Building an LLM-based developer
A look at the system that now designs, codes, and refines
Here’s what happens when you actually try to build software with LLMs instead of just talking about it.
Last year, I introduced “prompt-to-PR” at Deriv—essentially vibe coding, that fast-and-loose approach everyone pretends works. When we decided to build a new trading platform, we naturally started there. Three weeks later, we had a working POC with authentication, market data, and pricing.
Then our CEO asked the killer question: “What exactly did the LLM develop?”
That’s the trap of vibe coding. You end up with a massive codebase and no clue what’s inside. Our traditional documentation was worthless against the generated code. That moment of reckoning led me to Spec-to-PR. The idea was to define the project module by module with full specifications, and let the model implement them.

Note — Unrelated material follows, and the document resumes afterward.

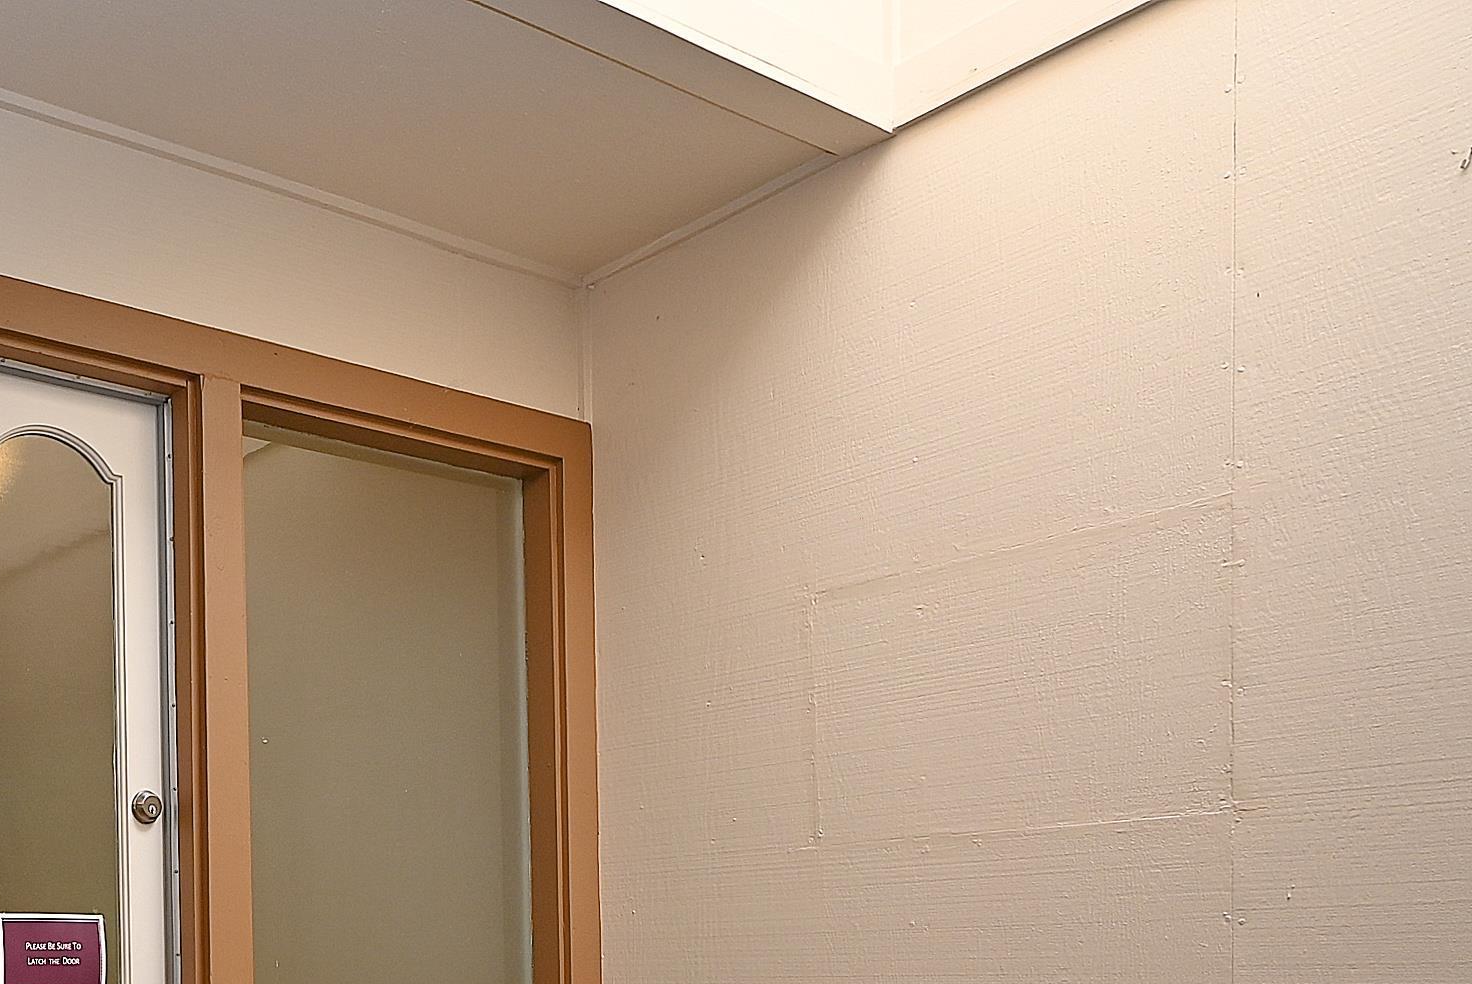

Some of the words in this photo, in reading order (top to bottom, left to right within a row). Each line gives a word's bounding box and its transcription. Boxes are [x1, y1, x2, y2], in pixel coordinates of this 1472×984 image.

The challenges were real. The model needed to read specs like a human, judge changes, and—crucially—avoid regenerating code from scratch every time. Sonnet 3.7 turned out to be the answer.1
We demoed the next POC to our CEO. He wisely asked: “Where’s the product specification?”
None of our documents—architecture, service specs, module specs—was even remotely an easily readable one-pager. He called us a few names, then sat down and wrote a one-pager entitled Trading Platform Product Description and told us to convert this into a full trading platform—back-end, front-end, everything—only using LLMs.
Interesting moment. I looked for an open window. Our building is a modern office with plenty of glass but no actual windows.2 The only option was to find a way to get a short “product idea” and output a fully developed solution.
The challenge: No human intervention
We started mid-May with a strict rule: no human intervention. No vibe coding. Every step generated by LLMs must be documented. We attempted to follow early software development methodologies—a Waterfall approach starting from a product idea, through domain modelling and API definitions, down to code.
Our goal was to convert a short product description into a fully fledged trading platform. That was a mistake. Aiming for 700k+ lines of code from 100 lines of instruction was impossible; the scope was simply too large. We spent months testing, but could only implement narrow services before the process broke down.
By June, we realised we needed two major breakthroughs to make this work.
Defining achievement levels
A trading platform is too large. We needed intermediate goals. So I defined levels of achievement for our LLM-based developer.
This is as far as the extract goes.